Your instructions: Please return each line of the listing exactly as given.

---------- Supplied records

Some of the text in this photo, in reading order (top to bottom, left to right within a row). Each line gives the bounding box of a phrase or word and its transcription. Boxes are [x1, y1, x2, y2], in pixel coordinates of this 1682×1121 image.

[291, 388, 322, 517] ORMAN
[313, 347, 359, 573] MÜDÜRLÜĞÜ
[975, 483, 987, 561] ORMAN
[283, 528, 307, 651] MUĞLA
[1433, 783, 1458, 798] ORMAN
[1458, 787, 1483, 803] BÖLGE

--------------------

Exercise answer:
Some of the text in this photo, in reading order (top to bottom, left to right within a row). Each line gives the bounding box of a phrase or word and its transcription. Boxes are [x1, y1, x2, y2], in pixel coordinates of this 1682×1121 image.

[291, 388, 322, 517] ORMAN
[313, 347, 359, 573] MÜDÜRLÜĞÜ
[975, 483, 987, 561] ORMAN
[283, 528, 307, 651] MUĞLA
[1433, 783, 1458, 798] ORMAN
[1458, 787, 1483, 803] BÖLGE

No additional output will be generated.